Six Steps That Will Help You Reach Your Financial Goals

A smooth financial plan is one that caters to your needs and life goals. Here are six steps that financial planners take to ensure there are no gaps
Six Steps That Will Help You Reach Your Financial Goals

Goal-setting is an important exercise in financial planning. Apart from helping you plan well for your financial goals, it can also give clarity on how you want your life to look like in the future.

“Basically, financial planning is a blueprint of your financial goals. Almost all such plans include your life and financial goals, an analysis of the current finances, and an outline of how you would accomplish the goals you’ve set,” says Renu Maheshwari, chief executive officer and principal advisor, Finzscholarz Wealth Manager and a Sebi-registered investment advisor.

While some prefer doing it themselves, if you don’t have the time or the required knowhow, it is advisable to approach a Sebi-registered investment advisor who can understand your needs and tailor your portfolio accordingly.

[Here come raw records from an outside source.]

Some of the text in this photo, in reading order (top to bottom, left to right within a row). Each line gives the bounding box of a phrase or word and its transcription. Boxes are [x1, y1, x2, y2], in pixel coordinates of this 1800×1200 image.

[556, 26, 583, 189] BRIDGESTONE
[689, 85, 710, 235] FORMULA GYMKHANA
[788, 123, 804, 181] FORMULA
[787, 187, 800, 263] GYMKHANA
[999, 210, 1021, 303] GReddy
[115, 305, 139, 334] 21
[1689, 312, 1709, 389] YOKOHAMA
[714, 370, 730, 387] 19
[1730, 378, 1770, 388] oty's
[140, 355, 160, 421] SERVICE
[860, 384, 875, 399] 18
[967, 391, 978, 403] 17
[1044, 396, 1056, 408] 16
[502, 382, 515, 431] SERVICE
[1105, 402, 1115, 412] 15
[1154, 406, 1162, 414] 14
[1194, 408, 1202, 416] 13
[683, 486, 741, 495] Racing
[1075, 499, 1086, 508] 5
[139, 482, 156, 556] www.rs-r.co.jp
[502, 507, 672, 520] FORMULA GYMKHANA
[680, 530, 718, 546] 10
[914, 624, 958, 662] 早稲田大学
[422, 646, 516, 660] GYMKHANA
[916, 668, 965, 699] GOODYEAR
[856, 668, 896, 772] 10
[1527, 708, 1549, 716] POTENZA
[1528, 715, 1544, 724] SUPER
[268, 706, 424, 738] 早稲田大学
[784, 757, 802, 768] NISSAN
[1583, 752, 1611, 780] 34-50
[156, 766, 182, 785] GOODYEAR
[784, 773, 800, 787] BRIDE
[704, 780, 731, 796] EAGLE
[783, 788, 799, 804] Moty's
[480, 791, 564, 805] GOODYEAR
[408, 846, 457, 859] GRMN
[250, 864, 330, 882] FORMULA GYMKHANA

Here are some of the steps that planners help you take. These involve assessing your need and making make room for them by channelising your expenses and investments accordingly.

Budgeting

Budgeting is an important aspect of financial planning. It helps a planner determine where the money is going and where you can cut back to meet your goals. A budget calculator can help you assess whether your money is getting spent on unnecessary things. It helps you to allocate your funds to different categories.

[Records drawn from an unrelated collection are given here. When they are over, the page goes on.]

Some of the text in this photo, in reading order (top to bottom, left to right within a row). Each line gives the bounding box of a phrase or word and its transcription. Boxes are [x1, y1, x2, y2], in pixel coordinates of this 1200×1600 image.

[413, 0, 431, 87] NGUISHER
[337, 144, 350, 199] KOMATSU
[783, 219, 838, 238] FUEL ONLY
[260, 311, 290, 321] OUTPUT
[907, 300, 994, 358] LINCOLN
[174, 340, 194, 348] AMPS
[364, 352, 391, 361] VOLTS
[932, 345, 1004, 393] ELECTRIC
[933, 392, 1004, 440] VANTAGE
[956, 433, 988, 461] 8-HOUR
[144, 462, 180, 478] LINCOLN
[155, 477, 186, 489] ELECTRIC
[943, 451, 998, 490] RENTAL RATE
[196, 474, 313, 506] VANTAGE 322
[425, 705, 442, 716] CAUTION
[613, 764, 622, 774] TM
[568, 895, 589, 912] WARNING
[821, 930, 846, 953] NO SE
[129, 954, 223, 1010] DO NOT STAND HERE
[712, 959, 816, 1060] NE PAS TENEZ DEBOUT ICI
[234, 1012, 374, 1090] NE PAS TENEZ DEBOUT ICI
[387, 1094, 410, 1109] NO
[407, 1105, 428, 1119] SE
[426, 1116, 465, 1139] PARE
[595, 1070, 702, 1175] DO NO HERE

When you are listing down your expenses, you must separate it into two baskets. The first for discretionary costs such as groceries and rent, and the second for non-discretionary costs such as a gym membership or dining out.

Managing Liquidity

A major component of financial planning is liquidity management. In this case, a certain amount of money is kept aside for unforeseen events. “When you keep money aside for your short-term unexpected needs such as repairing a house, a medical emergency, or buying a gift for a relative or a friend for a sudden event, you end up saving yourself from a credit card debt-trap,” says Maheshwari.

Financing Large Purchases

We all have to make those large purchases in our lifetimes, like buying a house, a car, investing in college education, wedding shopping, among others. A lot of these purchases involve borrowing because of the high cost. In some cases, people fully or partly fund the purchase on their own.

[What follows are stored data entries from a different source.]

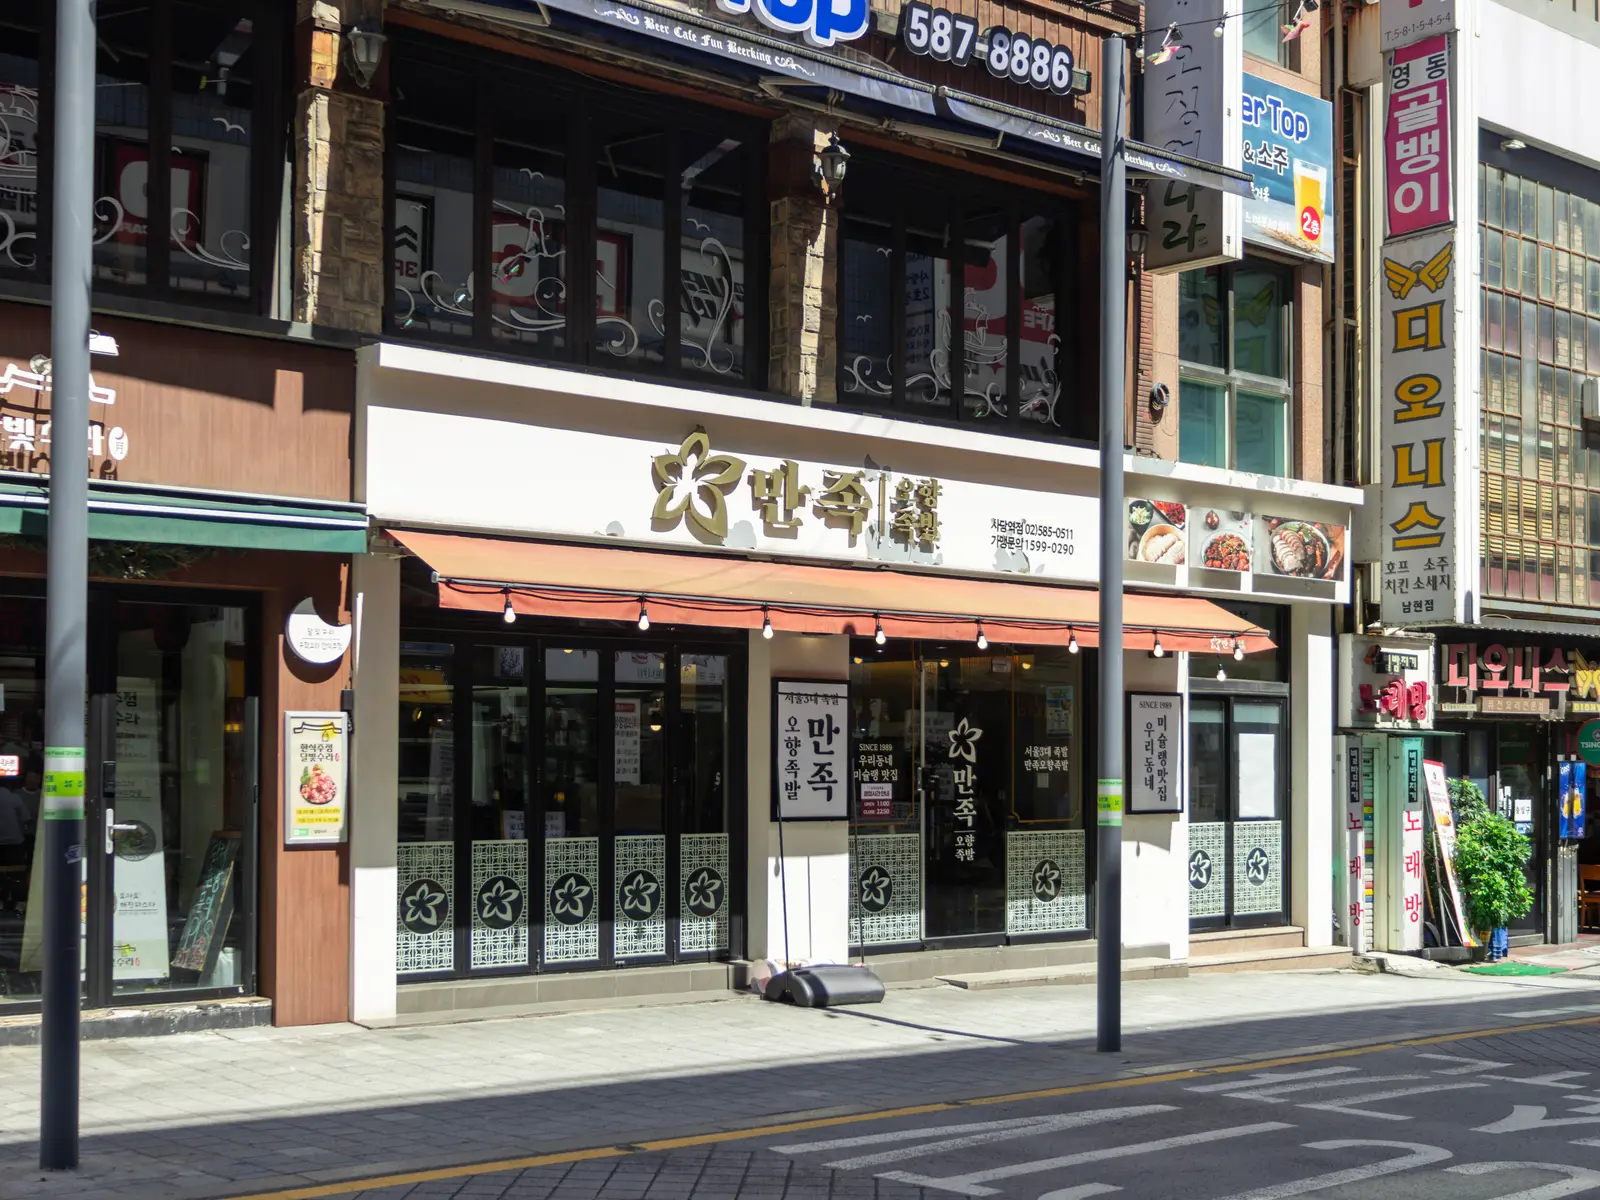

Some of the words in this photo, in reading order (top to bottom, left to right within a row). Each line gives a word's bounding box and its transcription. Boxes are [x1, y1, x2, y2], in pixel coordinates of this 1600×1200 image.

[643, 16, 670, 35] Beer
[673, 25, 697, 43] Cafe
[700, 34, 723, 50] Fun
[727, 39, 772, 66] Beerking
[905, 3, 1073, 93] 587-8886
[1267, 95, 1309, 143] Top
[1243, 140, 1256, 164] &
[1256, 140, 1290, 176] 소주
[1393, 85, 1443, 213] 골뱅이
[1302, 211, 1320, 235] 2층
[1389, 298, 1447, 552] 디오니스
[748, 459, 873, 538] 만족
[991, 518, 1024, 536] 사당역점
[1025, 523, 1073, 540] 02)585-0511
[991, 534, 1024, 551] 가맹문의
[1025, 540, 1074, 556] 1599-0290
[1384, 560, 1410, 575] 호프
[1423, 556, 1449, 573] 소주
[1384, 577, 1410, 595] 치킨
[1412, 573, 1451, 592] 소세지
[1402, 599, 1434, 614] 남현점
[1447, 643, 1570, 693] 디오니스
[1139, 701, 1159, 710] SINCE
[1159, 702, 1173, 710] 1989
[783, 715, 801, 801] 오향족발
[806, 713, 841, 802] 만족
[858, 744, 878, 752] SINCE
[879, 744, 893, 752] 1989
[858, 754, 893, 767] 우리동네
[1024, 746, 1052, 758] 서울3대
[1144, 721, 1155, 791] 우리동네
[881, 769, 899, 782] 맛집
[953, 765, 977, 828] 만족
[954, 833, 975, 847] 오향
[954, 848, 975, 862] 족발
[1348, 811, 1364, 927] 노래방
[1404, 810, 1422, 923] 노래방

“When you are saving for large purchases, you need to deploy your money in such a way, that it gives you a higher rate of return than a regular savings account,” adds Maheshwari.

Managing Your Risk

This is an essential part of financial planning. An optimum financial plan makes room for eventualities. It considers some key questions. What will happen if you are no longer able to work or perform your duties due to medical condition? What if you lose your job and are unable to find another for the next few months? A plan encourages you to keep aside emergency funds to manage potential risks to the earnings of the family.

Investing Your Money

This is one of the key responsibilities that financial planners provide to their clients. There are different ways to invest your surplus funds or income. Each of such ways have different tax implications or risk and return characteristics. Financial planners helps assess your needs and suggest suitable instruments that can fulfil those.

“Tax management is an essential strategy to protect your investment returns. There are several tax-reduction methods and strategies for wealth creation and tax-free income,” says Maheshwari.

Long-term goals such as retirement can be catered to with planned investing.

With the help of a financial planner, you also need to evaluate transfer of your wealth to your heirs.